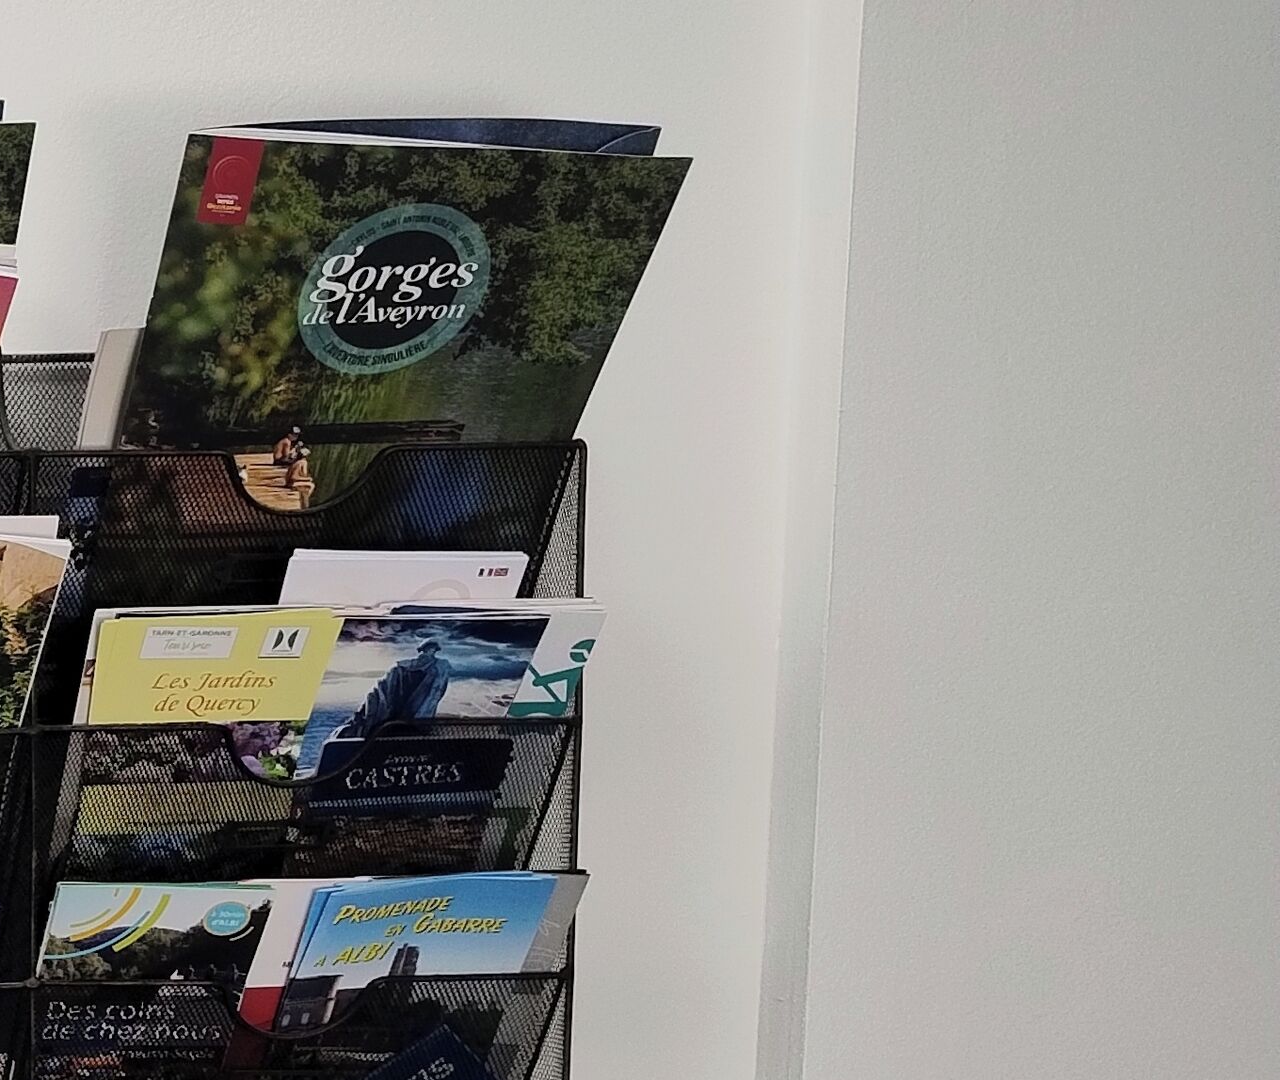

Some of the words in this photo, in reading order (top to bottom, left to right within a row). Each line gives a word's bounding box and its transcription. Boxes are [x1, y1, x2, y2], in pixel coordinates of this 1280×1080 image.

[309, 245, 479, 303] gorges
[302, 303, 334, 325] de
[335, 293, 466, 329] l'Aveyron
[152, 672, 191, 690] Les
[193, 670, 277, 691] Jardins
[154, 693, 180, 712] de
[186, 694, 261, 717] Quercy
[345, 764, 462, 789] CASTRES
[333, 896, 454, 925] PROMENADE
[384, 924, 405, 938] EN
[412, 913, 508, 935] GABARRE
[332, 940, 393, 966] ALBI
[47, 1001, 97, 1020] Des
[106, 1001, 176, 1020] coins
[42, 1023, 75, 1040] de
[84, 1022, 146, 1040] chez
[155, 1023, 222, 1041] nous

*-*-*

EXERCISE BRIEF
Above are the records; copy every one of them exactly and omit the images.

SOLUTION TO THIS TASK
Some of the words in this photo, in reading order (top to bottom, left to right within a row). Each line gives a word's bounding box and its transcription. Boxes are [x1, y1, x2, y2], in pixel coordinates of this 1280×1080 image.

[309, 245, 479, 303] gorges
[302, 303, 334, 325] de
[335, 293, 466, 329] l'Aveyron
[152, 672, 191, 690] Les
[193, 670, 277, 691] Jardins
[154, 693, 180, 712] de
[186, 694, 261, 717] Quercy
[345, 764, 462, 789] CASTRES
[333, 896, 454, 925] PROMENADE
[384, 924, 405, 938] EN
[412, 913, 508, 935] GABARRE
[332, 940, 393, 966] ALBI
[47, 1001, 97, 1020] Des
[106, 1001, 176, 1020] coins
[42, 1023, 75, 1040] de
[84, 1022, 146, 1040] chez
[155, 1023, 222, 1041] nous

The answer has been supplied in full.